Application of TEISER to the mRNA stability measurements in MDA-MB-231 cells revealed eight strong structural motif predictions that passed our statistical tests aimed at finding the most likely elements causally involved in mRNA stability (Fig. 1 and Supplementary Fig. 3). Apart from being highly informative of mRNA stability measurements, these putative regulatory elements show a variety of other characteristics that support their functionality. For example, four of the discovered motifs are also informative of transcript stability measurements in mouse11 (Supplementary Fig. 4a). Furthermore, these motifs are highly conserved between human and mouse genomes (see Methods and Supplementary Fig. 3) and are also informative of co-expression clusters discovered across independent whole-genome datasets (Supplementary Fig. 4b).
Among the putative structural motifs discovered by TEISER, we chose sRSM1 (structural RNA Stability Motif-1)—the most statistically significant 3’ UTR element (z-score=122)—for further analysis. In order to probe the functionality of sRSM1 instances across the genome, we performed in vivo titration experiments using synthetic oligonucleotides10,12. Upon transfecting MDA-MB-231 cells with decoy RNA molecules harboring sRSM1 instances (Supplementary Fig. 5), we observed a notable reduction in the level of endogenous transcripts that carried this motif, in comparison to their level in the control cells transfected with scrambled RNA molecules (Fig. 2). This global down-regulation points to the presence of a trans-acting factor that, upon interaction with sRSM1, stabilizes its target transcripts. The decoy (synthetic) sRSM1 elements compete with endogenous mRNAs for the putative trans-acting factor, which results in the observed reduction in the level of its target mRNAs. Furthermore, reporter constructs carrying instances of sRSM1 showed a marked decrease in transcript decay rate in comparison to scrambled controls, further suggesting a direct role for this structural element in transcript stability (Supplementary Fig. 6).
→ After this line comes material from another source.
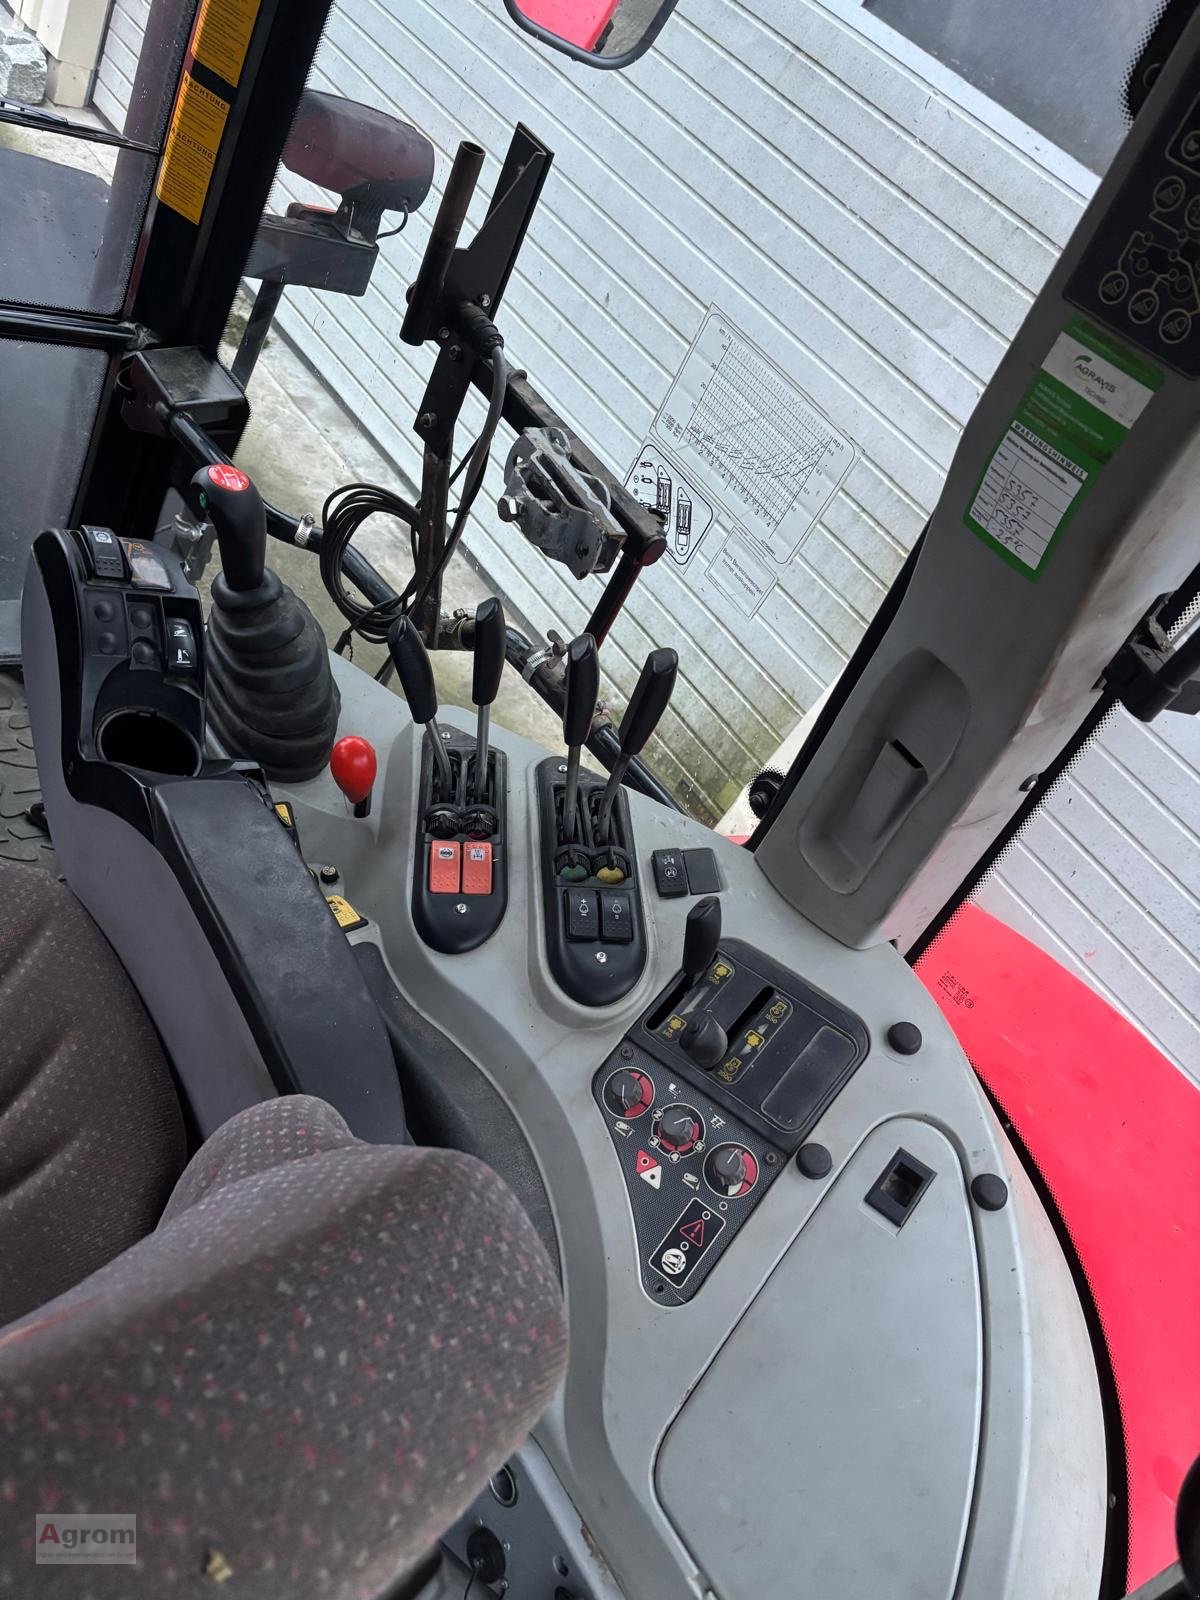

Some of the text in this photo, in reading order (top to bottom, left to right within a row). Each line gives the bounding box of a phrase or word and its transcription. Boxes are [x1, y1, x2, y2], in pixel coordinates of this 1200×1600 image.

We used streptomycin-binding RNA aptamer immobilization coupled with mass spectrometry13 to discover candidates that bind, in vitro, to the decoy instances of sRSM1, but not to the scrambled versions (Supplementary Fig. 7). After isolation under stringent conditions and in-solution digestion of RNA-bound proteins followed by nanoliquid chromatography-tandem mass spectrometry, we identified HNRPA2B1 as a promising candidate (Supplementary Table 1). This RNA-binding protein is a member of the A/B subfamily of heterogeneous nuclear ribonucleoproteins (hnRNPs)14 and carries two repeats of quasi-RRM RNA binding domains (Supplementary Fig. 8). Moreover, the established roles of other members of this family, namely HNRNPD and HNRNA1, in regulating RNA stability15 and binding terminal stem-loops16 further suggest HNRPA2B1 as a functional regulator. Also, more than 4,000 transcripts carry potentially functional instances of sRSM1 (see Methods), implicating this motif as a major global regulator of mRNA stability. The HNRPA2B1 transcript, at the same time, is highly abundant in the cell (one standard deviations higher than average17), thus making it a promising candidate for global modulation of mRNA stability through sRSM1.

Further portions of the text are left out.